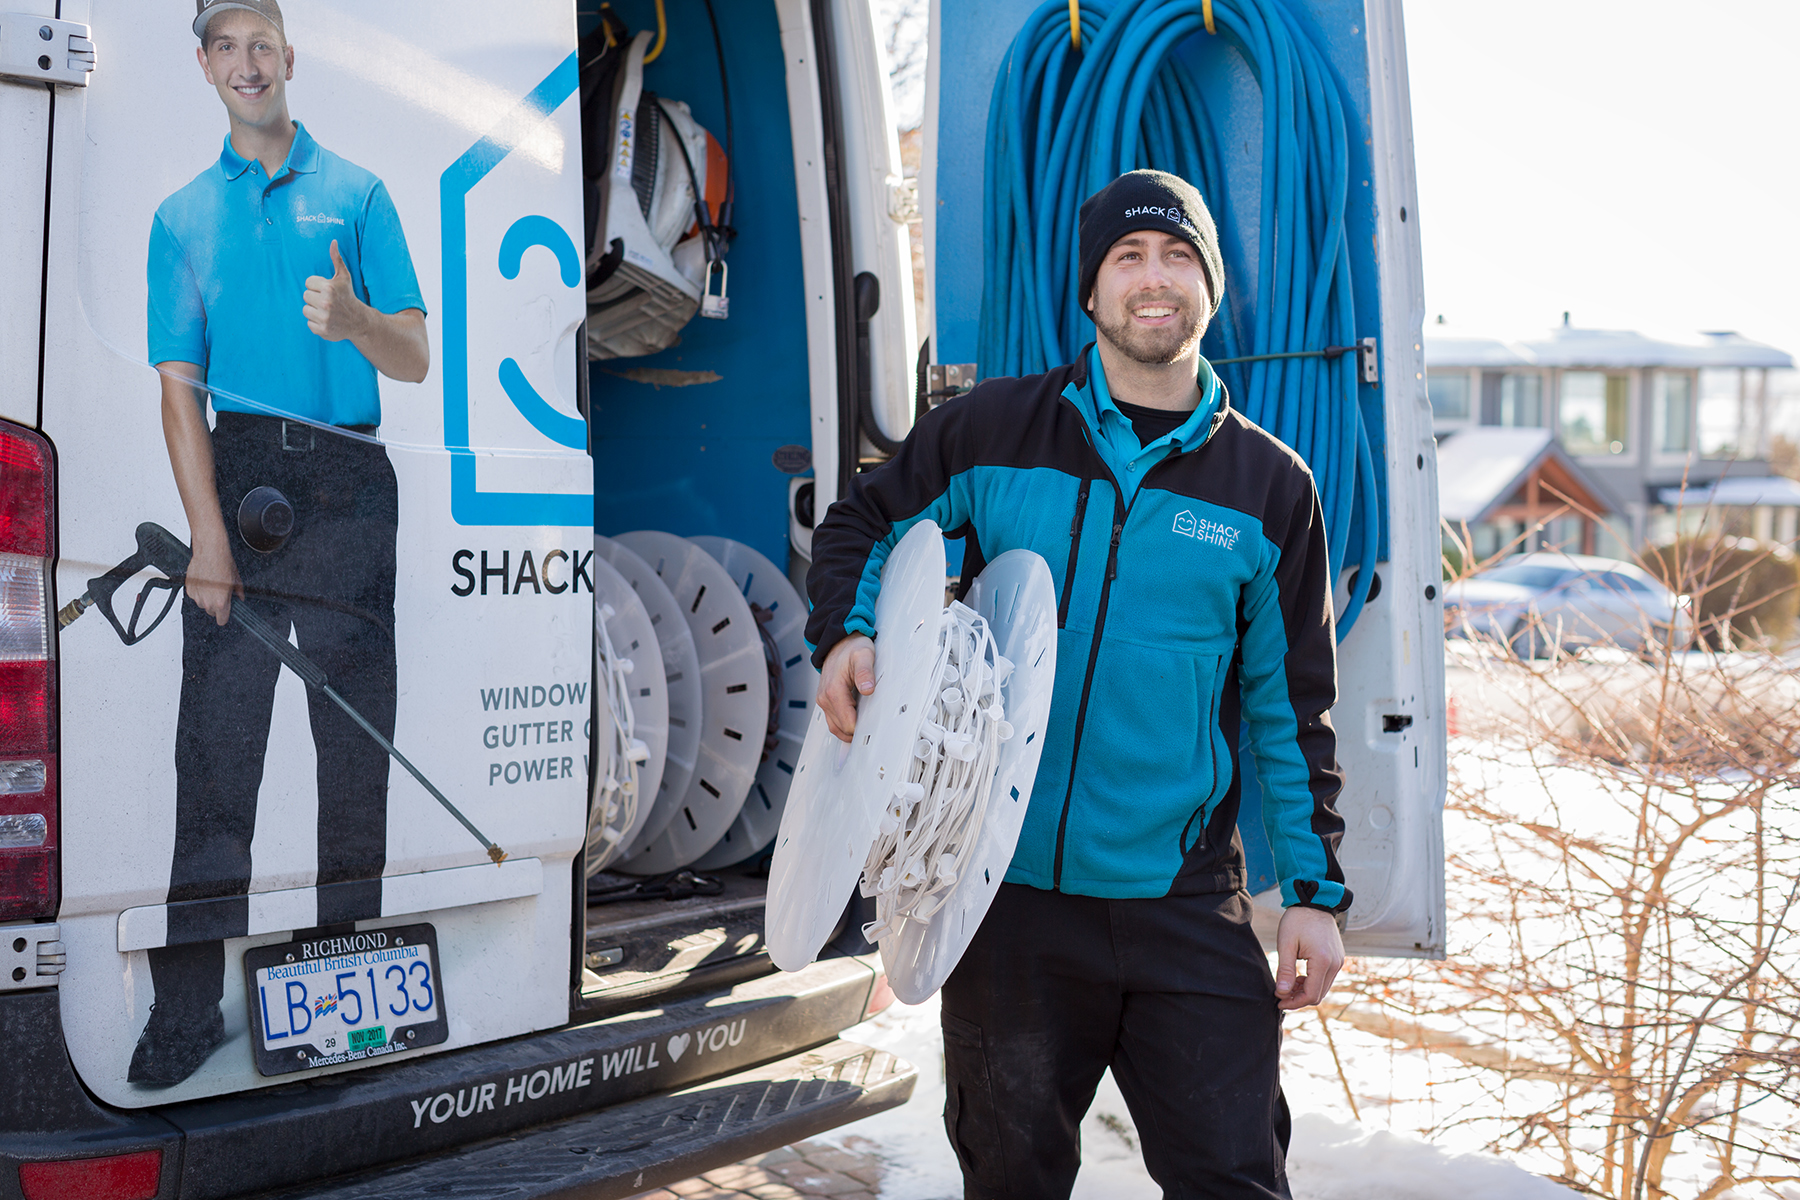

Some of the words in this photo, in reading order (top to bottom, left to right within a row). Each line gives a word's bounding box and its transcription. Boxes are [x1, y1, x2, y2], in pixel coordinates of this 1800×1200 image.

[296, 215, 317, 223] SHACK
[326, 216, 345, 226] SHINE
[1125, 205, 1166, 218] SHACK
[1196, 529, 1235, 551] SHINE
[1199, 518, 1241, 541] SHACK
[450, 549, 594, 597] SHACK
[480, 682, 587, 712] WINDOW
[483, 719, 573, 749] GUTTER
[489, 756, 573, 786] POWER
[302, 932, 388, 959] RICHMOND
[267, 957, 321, 981] Beautiful
[324, 953, 362, 972] British
[363, 946, 419, 966] Columbia
[335, 960, 434, 1025] 5133
[324, 1037, 337, 1049] 29
[351, 1030, 364, 1045] NOV
[367, 1027, 383, 1041] 2017
[308, 1048, 367, 1068] Mercedes-Benz
[366, 1042, 393, 1058] Canada
[393, 1040, 408, 1053] Inc.
[410, 1083, 497, 1128] YOUR
[504, 1057, 595, 1106] HOME
[601, 1042, 660, 1081] WILL
[696, 1018, 747, 1055] YOU
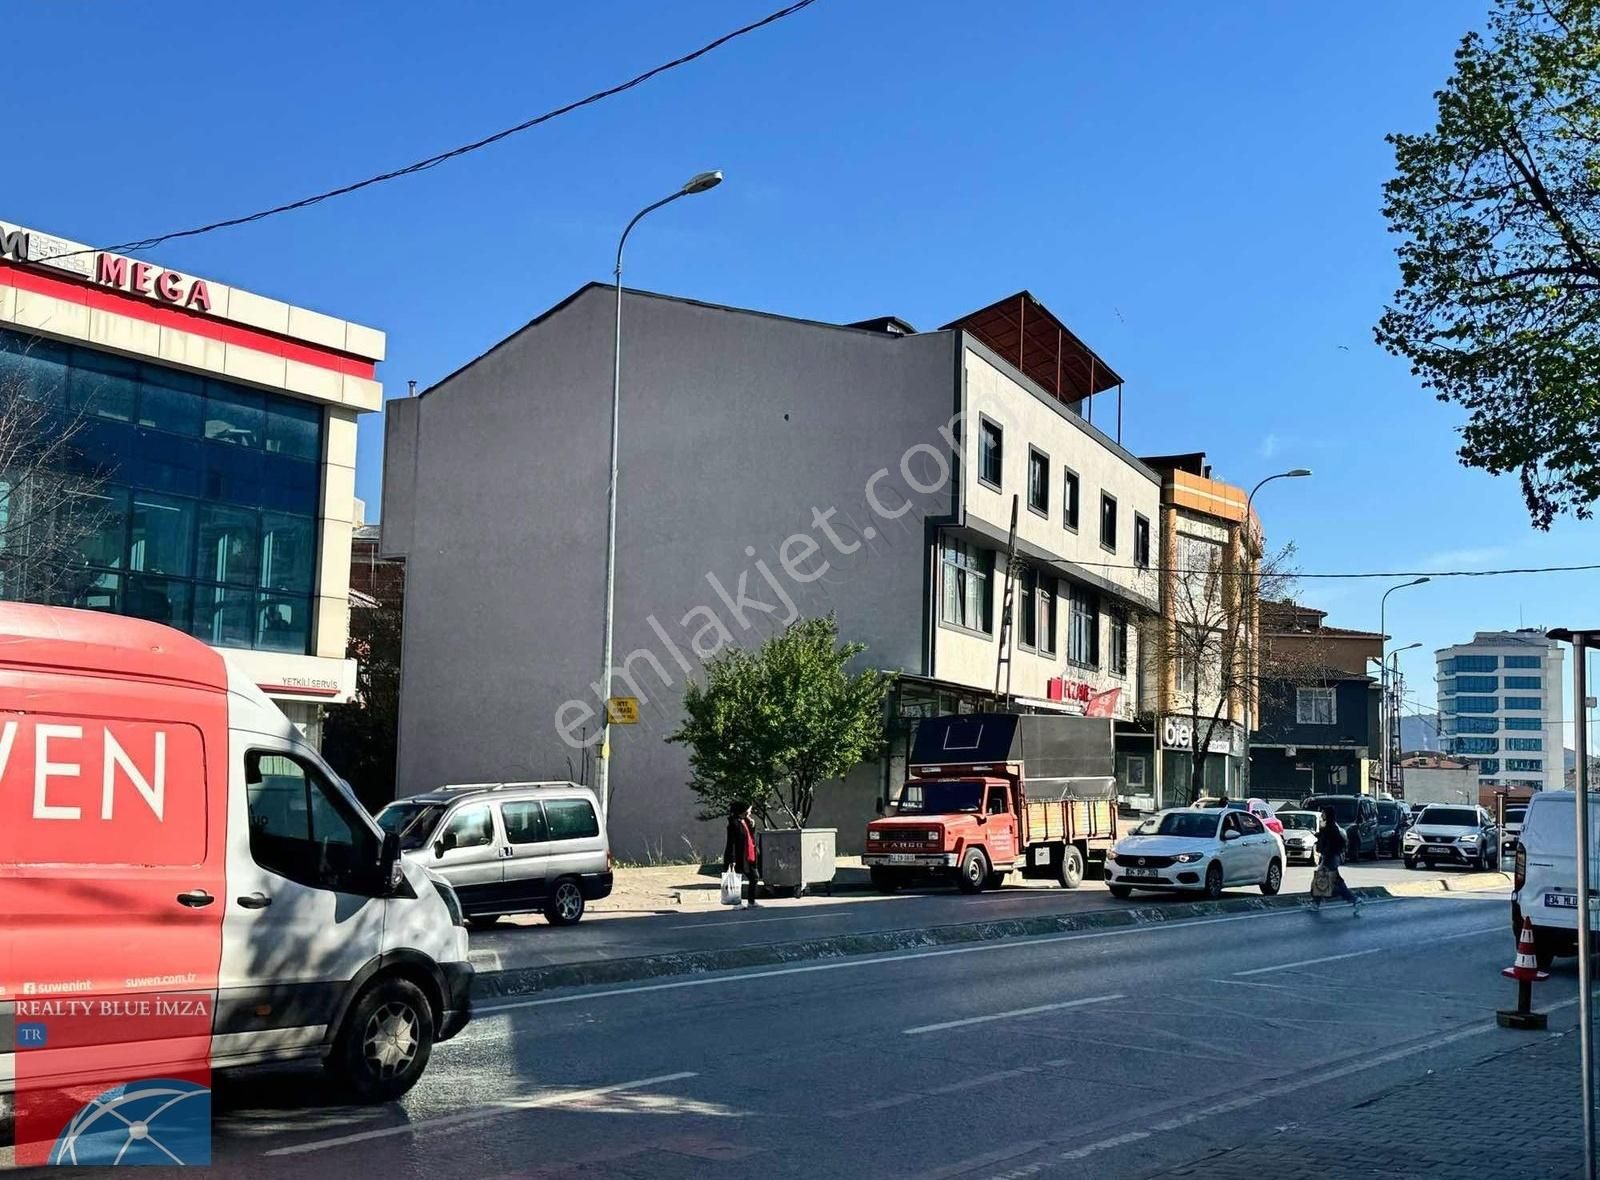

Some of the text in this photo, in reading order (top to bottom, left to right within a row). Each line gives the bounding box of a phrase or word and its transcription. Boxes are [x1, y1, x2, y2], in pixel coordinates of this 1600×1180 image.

[97, 252, 211, 312] MEGA
[38, 980, 93, 994] suwenint
[125, 973, 197, 988] suwen.com.tr
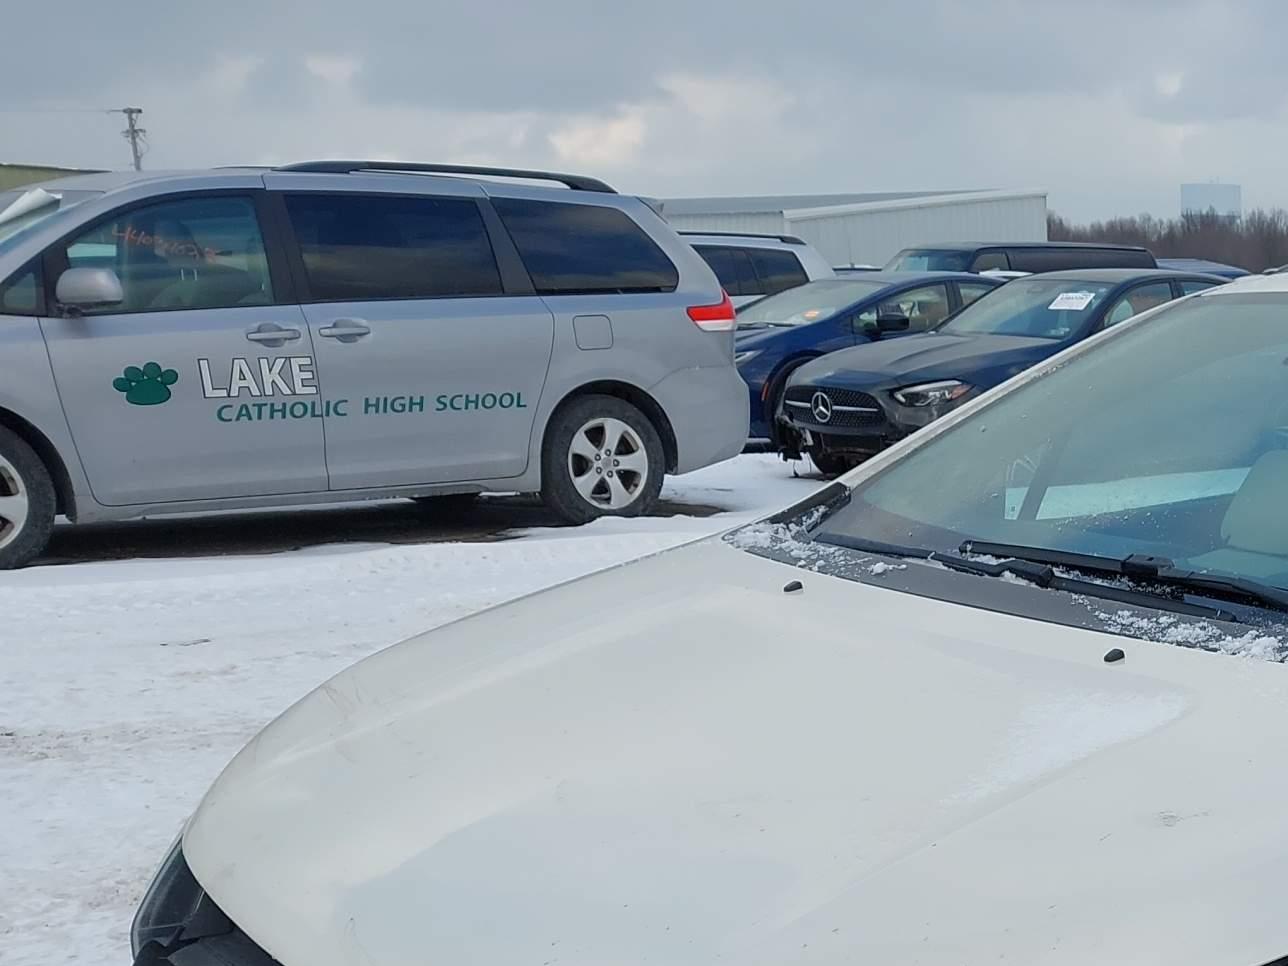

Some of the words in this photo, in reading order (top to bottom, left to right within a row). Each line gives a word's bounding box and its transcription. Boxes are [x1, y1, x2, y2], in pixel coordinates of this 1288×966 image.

[197, 355, 319, 399] LAKE
[216, 399, 349, 423] CATHOLIC
[363, 395, 425, 415] HIGH
[435, 391, 528, 412] SCHOOL
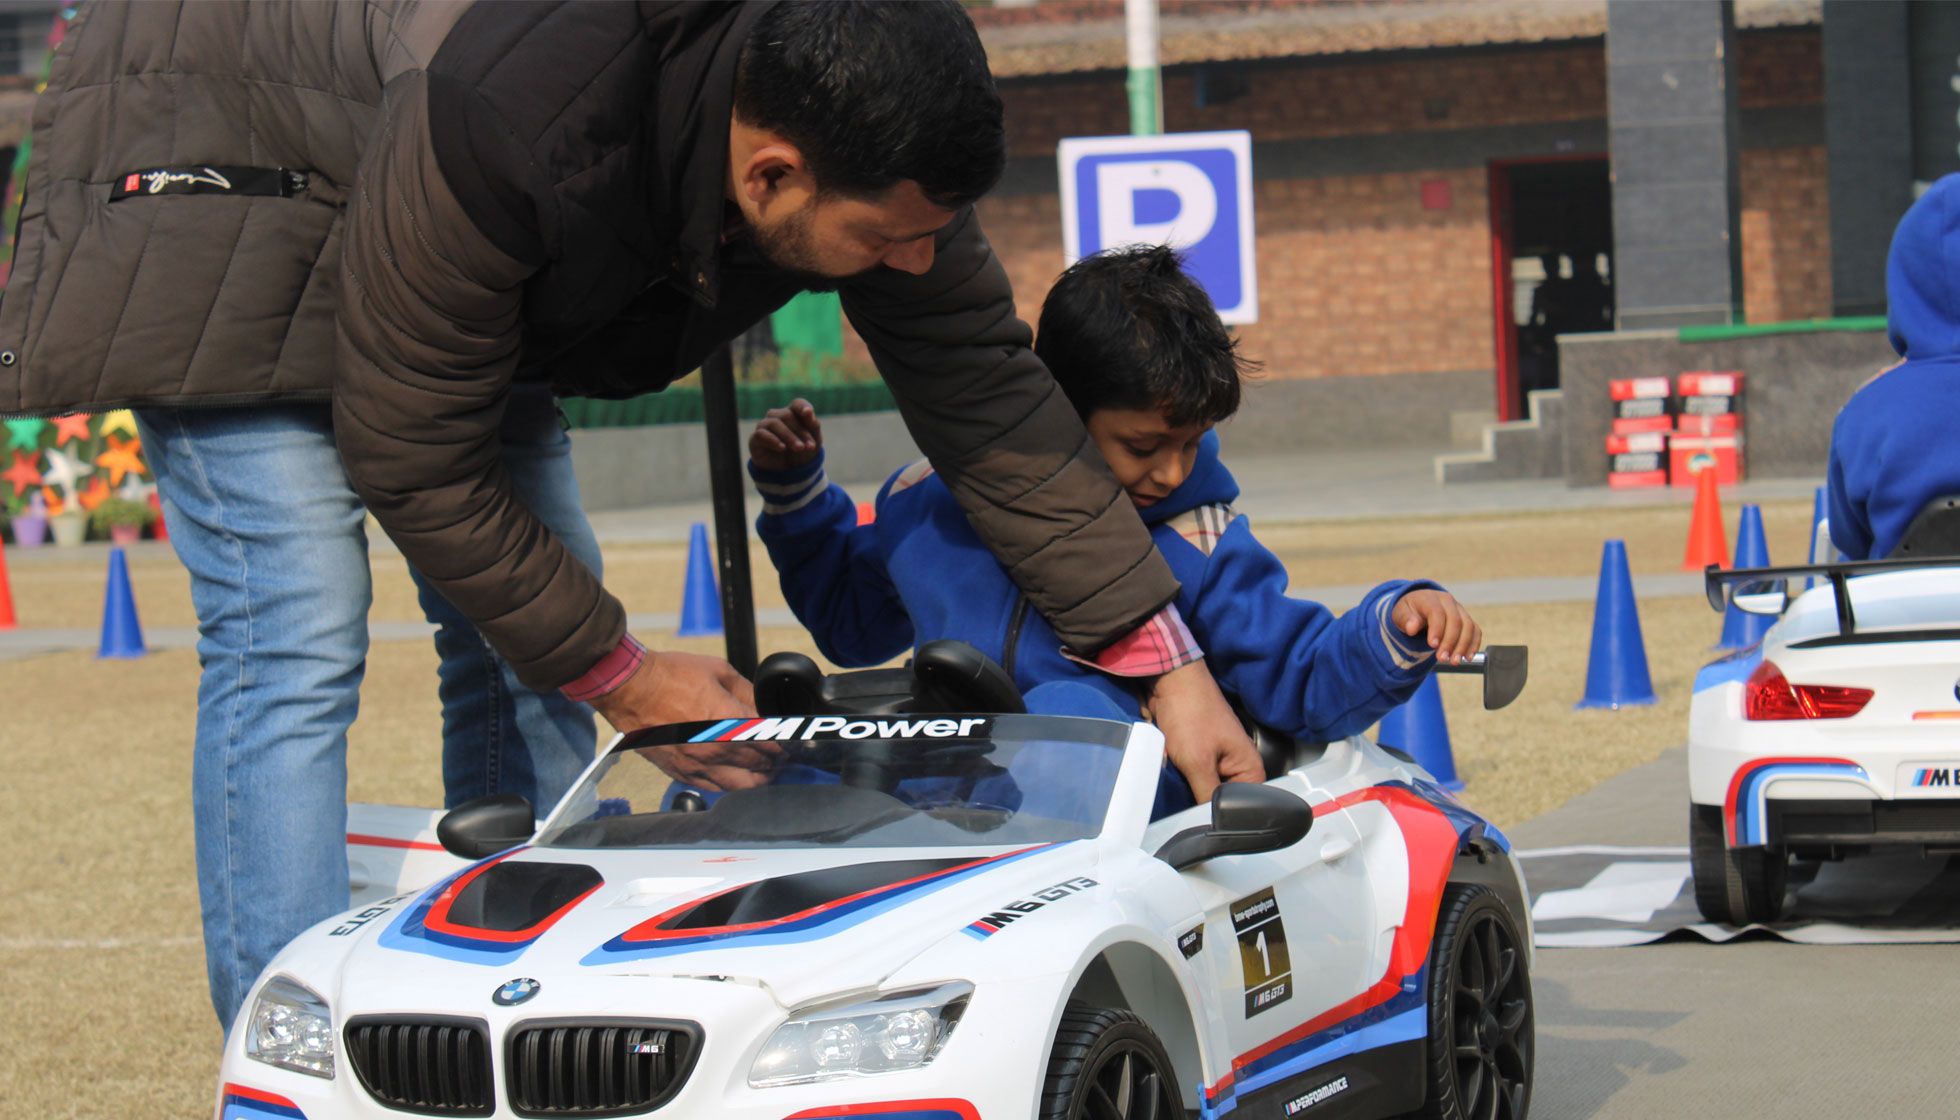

- WHAT TO DO:
Only the lines from the one with "Some of the text" through the final line of the entries belong in the answer, set down exactly, with both ends included and no pictures.

- PROBLEM SOLUTION:
Some of the text in this photo, in reading order (top to bottom, left to right within a row). Each line gives the bounding box of a phrase or word and its transcription. Boxes are [x1, y1, x2, y2], in pixel coordinates of this 1600×1180 image.

[97, 252, 211, 312] MEGA
[38, 980, 93, 994] suwenint
[125, 973, 197, 988] suwen.com.tr

Some of the words in this photo, in reading order (top to bottom, left to right within a row). Each line gives a word's bounding box and its transcription. Boxes are [x1, y1, x2, y2], in pixel coordinates of this 1288×966 image.

[197, 355, 319, 399] LAKE
[216, 399, 349, 423] CATHOLIC
[363, 395, 425, 415] HIGH
[435, 391, 528, 412] SCHOOL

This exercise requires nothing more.